(Stored data)
-- Opening Marker --

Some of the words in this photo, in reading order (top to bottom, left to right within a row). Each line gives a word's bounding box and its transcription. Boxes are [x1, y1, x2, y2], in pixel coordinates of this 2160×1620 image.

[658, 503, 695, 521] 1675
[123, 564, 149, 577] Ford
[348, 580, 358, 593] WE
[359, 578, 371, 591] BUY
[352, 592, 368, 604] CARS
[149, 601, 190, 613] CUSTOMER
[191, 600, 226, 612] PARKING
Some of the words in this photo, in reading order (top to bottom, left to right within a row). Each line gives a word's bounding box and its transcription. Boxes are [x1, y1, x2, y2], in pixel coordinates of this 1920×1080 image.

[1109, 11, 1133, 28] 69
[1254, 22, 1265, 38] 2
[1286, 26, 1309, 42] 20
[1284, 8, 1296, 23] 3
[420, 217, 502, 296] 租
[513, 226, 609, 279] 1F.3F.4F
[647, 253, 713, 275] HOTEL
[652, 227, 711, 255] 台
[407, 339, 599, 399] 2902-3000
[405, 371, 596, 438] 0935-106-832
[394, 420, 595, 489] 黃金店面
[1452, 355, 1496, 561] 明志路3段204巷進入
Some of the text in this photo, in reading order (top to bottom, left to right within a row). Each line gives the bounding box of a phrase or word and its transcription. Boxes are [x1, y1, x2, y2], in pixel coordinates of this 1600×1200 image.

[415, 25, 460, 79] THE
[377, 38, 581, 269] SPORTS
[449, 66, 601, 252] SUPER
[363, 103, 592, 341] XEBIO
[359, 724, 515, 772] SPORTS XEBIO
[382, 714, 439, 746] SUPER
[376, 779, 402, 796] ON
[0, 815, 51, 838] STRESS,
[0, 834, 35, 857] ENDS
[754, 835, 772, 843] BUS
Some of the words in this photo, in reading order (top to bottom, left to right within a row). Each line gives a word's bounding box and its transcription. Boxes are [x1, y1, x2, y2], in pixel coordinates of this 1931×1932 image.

-- Closing Marker --

(Task description):
Exactly as they appear, restate all of the entries.

(Completed exercise):
Some of the words in this photo, in reading order (top to bottom, left to right within a row). Each line gives a word's bounding box and its transcription. Boxes are [x1, y1, x2, y2], in pixel coordinates of this 2160×1620 image.

[658, 503, 695, 521] 1675
[123, 564, 149, 577] Ford
[348, 580, 358, 593] WE
[359, 578, 371, 591] BUY
[352, 592, 368, 604] CARS
[149, 601, 190, 613] CUSTOMER
[191, 600, 226, 612] PARKING
Some of the words in this photo, in reading order (top to bottom, left to right within a row). Each line gives a word's bounding box and its transcription. Boxes are [x1, y1, x2, y2], in pixel coordinates of this 1920×1080 image.

[1109, 11, 1133, 28] 69
[1254, 22, 1265, 38] 2
[1286, 26, 1309, 42] 20
[1284, 8, 1296, 23] 3
[420, 217, 502, 296] 租
[513, 226, 609, 279] 1F.3F.4F
[647, 253, 713, 275] HOTEL
[652, 227, 711, 255] 台
[407, 339, 599, 399] 2902-3000
[405, 371, 596, 438] 0935-106-832
[394, 420, 595, 489] 黃金店面
[1452, 355, 1496, 561] 明志路3段204巷進入
Some of the text in this photo, in reading order (top to bottom, left to right within a row). Each line gives the bounding box of a phrase or word and its transcription. Boxes are [x1, y1, x2, y2], in pixel coordinates of this 1600×1200 image.

[415, 25, 460, 79] THE
[377, 38, 581, 269] SPORTS
[449, 66, 601, 252] SUPER
[363, 103, 592, 341] XEBIO
[359, 724, 515, 772] SPORTS XEBIO
[382, 714, 439, 746] SUPER
[376, 779, 402, 796] ON
[0, 815, 51, 838] STRESS,
[0, 834, 35, 857] ENDS
[754, 835, 772, 843] BUS
Some of the words in this photo, in reading order (top to bottom, left to right within a row). Each line gives a word's bounding box and its transcription. Boxes are [x1, y1, x2, y2], in pixel coordinates of this 1931×1932 image.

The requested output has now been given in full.